Exercise objective> All of the listing, from first line to last, should be output exactly; the pictures stay out.

■ ■ ■ ■ ■ ■ ■

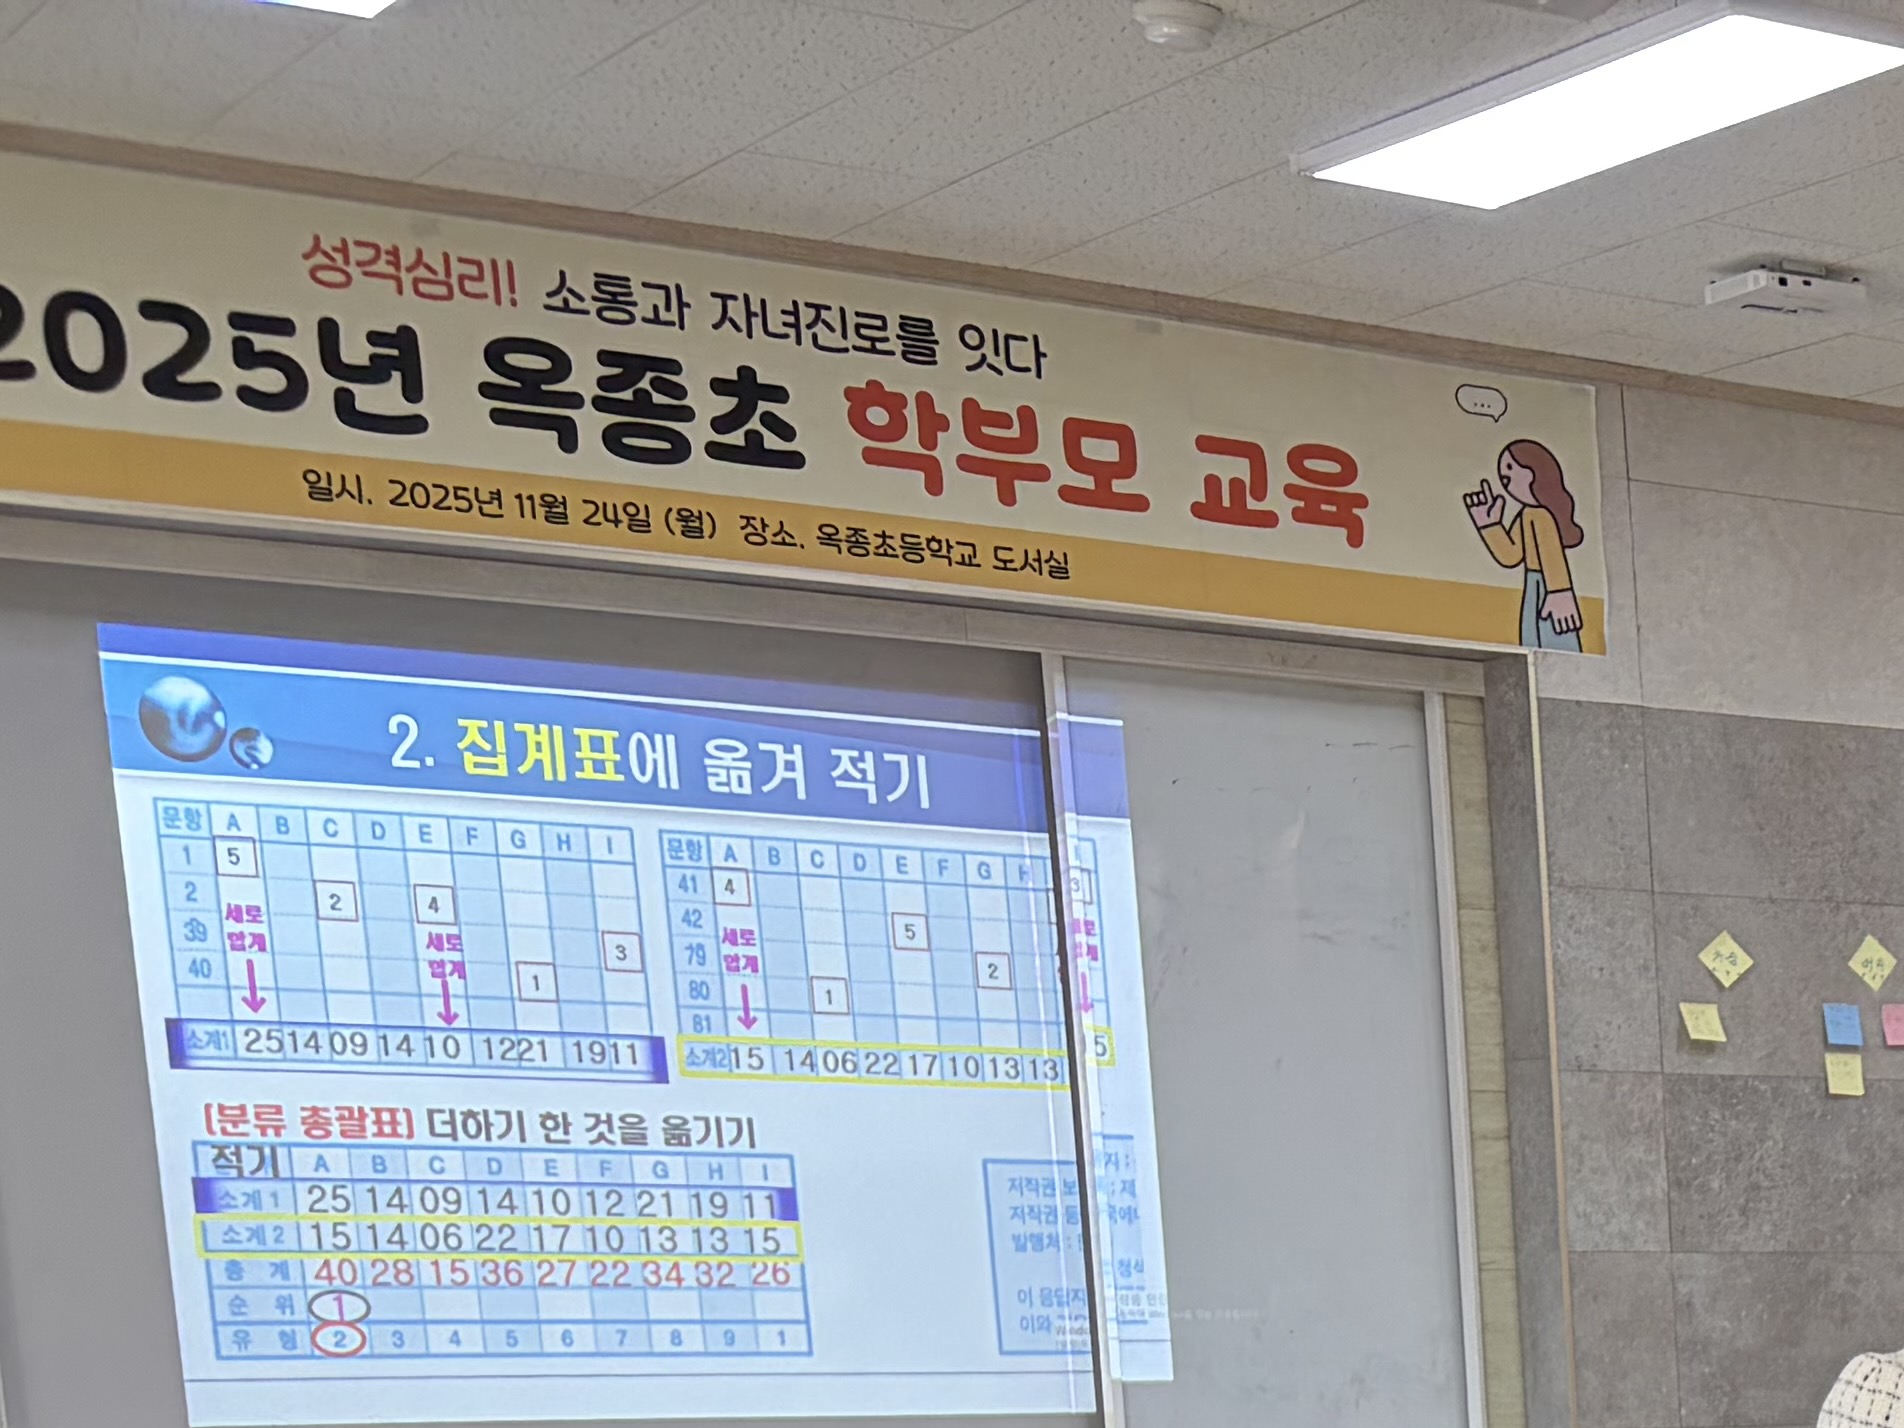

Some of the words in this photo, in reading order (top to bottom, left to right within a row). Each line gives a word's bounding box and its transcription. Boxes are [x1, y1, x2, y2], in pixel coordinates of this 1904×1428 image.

[302, 234, 517, 307] 성격심리!
[543, 269, 692, 331] 소통과
[710, 290, 940, 366] 자녀진로를
[958, 323, 1048, 379] 잇다
[477, 336, 807, 470] 옥종초
[843, 379, 1151, 513] 학부모
[1190, 434, 1369, 549] 교육
[302, 469, 373, 504] 일시.
[388, 479, 505, 520] 2025년
[514, 492, 569, 525] 11월
[582, 497, 652, 535] 24일
[665, 504, 717, 541] (월)
[739, 514, 805, 552] 장소.
[816, 522, 982, 570] 옥종초등학교
[992, 544, 1071, 582] 도서실
[387, 715, 436, 769] 2.
[457, 718, 679, 790] 집계표에
[704, 737, 807, 801] 옮겨
[830, 747, 931, 810] 적기
[226, 812, 242, 832] A
[275, 816, 290, 835] B
[323, 818, 339, 838] C
[371, 821, 386, 841] D
[418, 823, 433, 844] E
[466, 826, 479, 846] F
[510, 829, 527, 849] G
[557, 832, 571, 852] H
[607, 836, 613, 855] I
[227, 847, 241, 866] 5
[724, 844, 738, 864] A
[767, 846, 782, 866] B
[810, 849, 825, 869] C
[853, 852, 867, 872] D
[895, 854, 909, 876] E
[937, 858, 949, 878] F
[977, 861, 992, 881] G
[184, 881, 198, 902] 2
[329, 893, 342, 911] 2
[428, 896, 440, 914] 4
[678, 872, 699, 894] 41
[724, 878, 736, 895] 4
[681, 908, 703, 930] 42
[904, 923, 916, 941] 5
[188, 957, 212, 979] 40
[615, 944, 628, 961] 3
[987, 962, 999, 980] 2
[688, 979, 710, 1001] 80
[243, 1027, 285, 1054] 25
[287, 1029, 324, 1055] 14
[329, 1030, 369, 1056] 09
[378, 1032, 415, 1058] 14
[424, 1034, 461, 1060] 10
[482, 1036, 519, 1062] 12
[573, 1040, 607, 1064] 19
[609, 1041, 638, 1066] 11
[732, 1046, 765, 1071] 15
[785, 1048, 817, 1073] 14
[823, 1049, 858, 1074] 06
[864, 1051, 900, 1076] 22
[908, 1053, 938, 1077] 17
[948, 1055, 980, 1078] 10
[989, 1057, 1020, 1080] 13
[1029, 1058, 1059, 1082] 13
[426, 1108, 526, 1143] 더하기
[539, 1112, 573, 1144] 한
[584, 1113, 649, 1146] 것을
[662, 1114, 756, 1149] 옮기기
[211, 1145, 280, 1178] 적기
[313, 1154, 330, 1173] A
[371, 1155, 388, 1173] B
[428, 1156, 446, 1175] C
[487, 1157, 502, 1175] D
[545, 1159, 559, 1177] E
[600, 1159, 613, 1177] F
[652, 1161, 669, 1179] G
[708, 1162, 723, 1180] H
[763, 1163, 769, 1181] I
[307, 1184, 351, 1213] 25
[367, 1185, 408, 1213] 14
[420, 1186, 462, 1214] 09
[477, 1187, 518, 1215] 14
[532, 1188, 571, 1216] 10
[586, 1189, 624, 1216] 12
[637, 1190, 672, 1217] 21
[691, 1191, 728, 1218] 19
[744, 1192, 775, 1219] 11
[310, 1221, 352, 1250] 15
[367, 1221, 408, 1250] 14
[420, 1222, 462, 1251] 06
[475, 1223, 517, 1251] 22
[532, 1224, 570, 1252] 17
[586, 1224, 624, 1253] 10
[640, 1225, 677, 1253] 13
[692, 1226, 729, 1254] 13
[744, 1227, 781, 1255] 15
[314, 1258, 358, 1286] 40
[371, 1258, 415, 1286] 28
[430, 1258, 470, 1286] 15
[481, 1259, 524, 1286] 36
[537, 1259, 576, 1287] 27
[590, 1259, 631, 1287] 22
[641, 1260, 685, 1287] 34
[694, 1260, 736, 1287] 32
[751, 1261, 791, 1288] 26
[333, 1330, 348, 1348] 2
[392, 1331, 405, 1348] 3
[449, 1330, 462, 1348] 4
[506, 1330, 519, 1348] 5
[561, 1329, 574, 1348] 6
[616, 1330, 628, 1347] 7
[670, 1329, 683, 1348] 8
[723, 1330, 735, 1347] 9
[778, 1330, 786, 1346] 1

■ ■ ■ ■ ■ ■ ■

Output for this task>
Some of the words in this photo, in reading order (top to bottom, left to right within a row). Each line gives a word's bounding box and its transcription. Boxes are [x1, y1, x2, y2], in pixel coordinates of this 1904×1428 image.

[302, 234, 517, 307] 성격심리!
[543, 269, 692, 331] 소통과
[710, 290, 940, 366] 자녀진로를
[958, 323, 1048, 379] 잇다
[477, 336, 807, 470] 옥종초
[843, 379, 1151, 513] 학부모
[1190, 434, 1369, 549] 교육
[302, 469, 373, 504] 일시.
[388, 479, 505, 520] 2025년
[514, 492, 569, 525] 11월
[582, 497, 652, 535] 24일
[665, 504, 717, 541] (월)
[739, 514, 805, 552] 장소.
[816, 522, 982, 570] 옥종초등학교
[992, 544, 1071, 582] 도서실
[387, 715, 436, 769] 2.
[457, 718, 679, 790] 집계표에
[704, 737, 807, 801] 옮겨
[830, 747, 931, 810] 적기
[226, 812, 242, 832] A
[275, 816, 290, 835] B
[323, 818, 339, 838] C
[371, 821, 386, 841] D
[418, 823, 433, 844] E
[466, 826, 479, 846] F
[510, 829, 527, 849] G
[557, 832, 571, 852] H
[607, 836, 613, 855] I
[227, 847, 241, 866] 5
[724, 844, 738, 864] A
[767, 846, 782, 866] B
[810, 849, 825, 869] C
[853, 852, 867, 872] D
[895, 854, 909, 876] E
[937, 858, 949, 878] F
[977, 861, 992, 881] G
[184, 881, 198, 902] 2
[329, 893, 342, 911] 2
[428, 896, 440, 914] 4
[678, 872, 699, 894] 41
[724, 878, 736, 895] 4
[681, 908, 703, 930] 42
[904, 923, 916, 941] 5
[188, 957, 212, 979] 40
[615, 944, 628, 961] 3
[987, 962, 999, 980] 2
[688, 979, 710, 1001] 80
[243, 1027, 285, 1054] 25
[287, 1029, 324, 1055] 14
[329, 1030, 369, 1056] 09
[378, 1032, 415, 1058] 14
[424, 1034, 461, 1060] 10
[482, 1036, 519, 1062] 12
[573, 1040, 607, 1064] 19
[609, 1041, 638, 1066] 11
[732, 1046, 765, 1071] 15
[785, 1048, 817, 1073] 14
[823, 1049, 858, 1074] 06
[864, 1051, 900, 1076] 22
[908, 1053, 938, 1077] 17
[948, 1055, 980, 1078] 10
[989, 1057, 1020, 1080] 13
[1029, 1058, 1059, 1082] 13
[426, 1108, 526, 1143] 더하기
[539, 1112, 573, 1144] 한
[584, 1113, 649, 1146] 것을
[662, 1114, 756, 1149] 옮기기
[211, 1145, 280, 1178] 적기
[313, 1154, 330, 1173] A
[371, 1155, 388, 1173] B
[428, 1156, 446, 1175] C
[487, 1157, 502, 1175] D
[545, 1159, 559, 1177] E
[600, 1159, 613, 1177] F
[652, 1161, 669, 1179] G
[708, 1162, 723, 1180] H
[763, 1163, 769, 1181] I
[307, 1184, 351, 1213] 25
[367, 1185, 408, 1213] 14
[420, 1186, 462, 1214] 09
[477, 1187, 518, 1215] 14
[532, 1188, 571, 1216] 10
[586, 1189, 624, 1216] 12
[637, 1190, 672, 1217] 21
[691, 1191, 728, 1218] 19
[744, 1192, 775, 1219] 11
[310, 1221, 352, 1250] 15
[367, 1221, 408, 1250] 14
[420, 1222, 462, 1251] 06
[475, 1223, 517, 1251] 22
[532, 1224, 570, 1252] 17
[586, 1224, 624, 1253] 10
[640, 1225, 677, 1253] 13
[692, 1226, 729, 1254] 13
[744, 1227, 781, 1255] 15
[314, 1258, 358, 1286] 40
[371, 1258, 415, 1286] 28
[430, 1258, 470, 1286] 15
[481, 1259, 524, 1286] 36
[537, 1259, 576, 1287] 27
[590, 1259, 631, 1287] 22
[641, 1260, 685, 1287] 34
[694, 1260, 736, 1287] 32
[751, 1261, 791, 1288] 26
[333, 1330, 348, 1348] 2
[392, 1331, 405, 1348] 3
[449, 1330, 462, 1348] 4
[506, 1330, 519, 1348] 5
[561, 1329, 574, 1348] 6
[616, 1330, 628, 1347] 7
[670, 1329, 683, 1348] 8
[723, 1330, 735, 1347] 9
[778, 1330, 786, 1346] 1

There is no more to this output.